PASTERNAK, LEONID OSIPOVICH (1862–1945), Russian artist. Born in Odessa, Pasternak studied medicine in Moscow, but in 1883 went to Munich to enroll at the Academy of Art. Returning to Odessa, he did a full year's military service, then met and married the pianist Rosa Kaufmann. In 1888 his first large canvas, Letter from Home, was bought by the Tretyakov Gallery, Moscow. The Pasternaks moved to Moscow, where he opened a school of painting, edited a periodical, The Artist, and for some years taught at the Moscow School of Painting, Sculpture, and Architecture. He was a close friend of Leo Tolstoy, whom he often portrayed. His illustrations for Tolstoy's Resurrection were exhibited at the Paris World Exhibition, 1900. In 1921 Pasternak, with his wife, went to Paris, and in 1938 immigrated to England, spending his last years in Oxford.
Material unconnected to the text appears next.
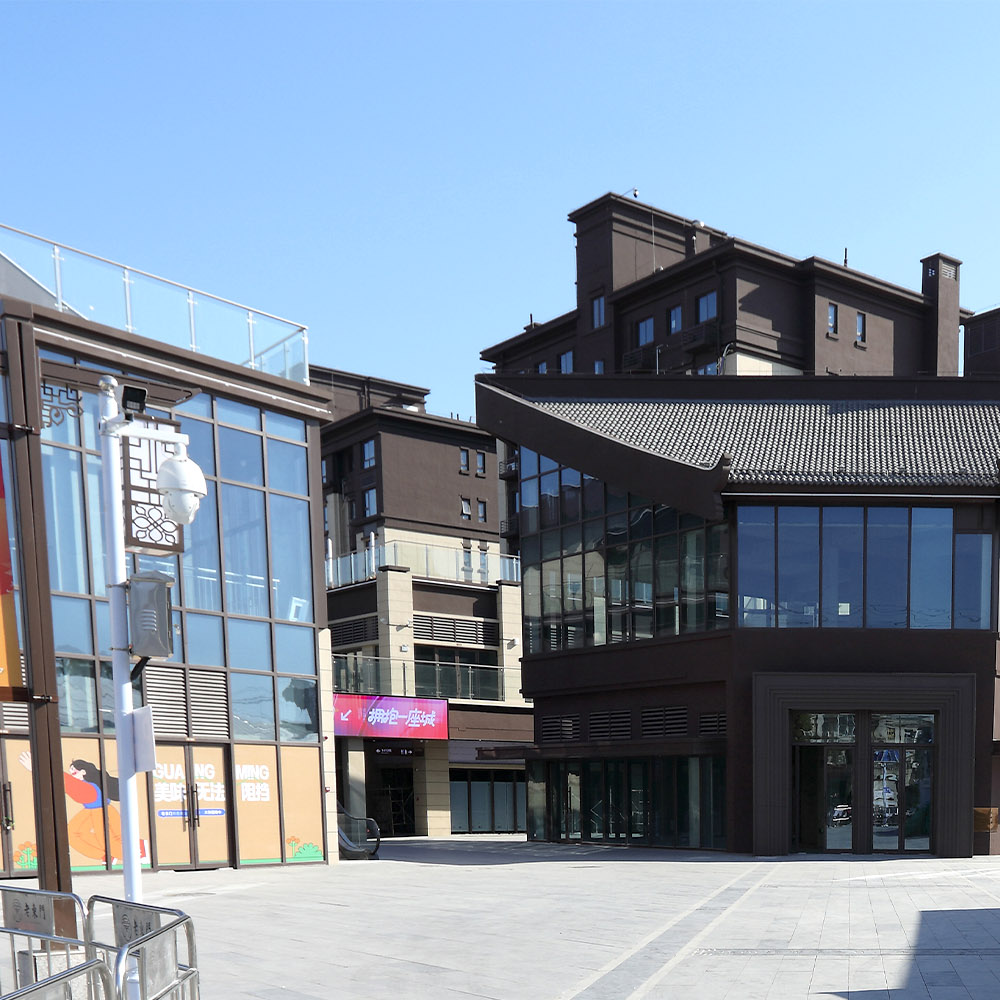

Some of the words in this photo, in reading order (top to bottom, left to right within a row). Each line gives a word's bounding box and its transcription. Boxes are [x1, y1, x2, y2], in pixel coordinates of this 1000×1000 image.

[367, 707, 436, 728] 拥抱一座城
[236, 764, 270, 780] MING
Pasternak was at his best not as an oil painter but as a draftsman, whose portrait studies superbly catch the sitter's character. He painted portraits of outstanding Zionists, among them *Bialik, *Sokolow, *Tchernichowsky, and *Weizmann. In 1924 he visited Palestine, where he made drawings and watercolors of the countryside. He was the father of the poet and novelist Boris *Pasternak.

bibliography:

Russell, in: Studio, 161 (1961), 98–101; Bialik, in: Saturday Review (April 4, 1959), 18–21.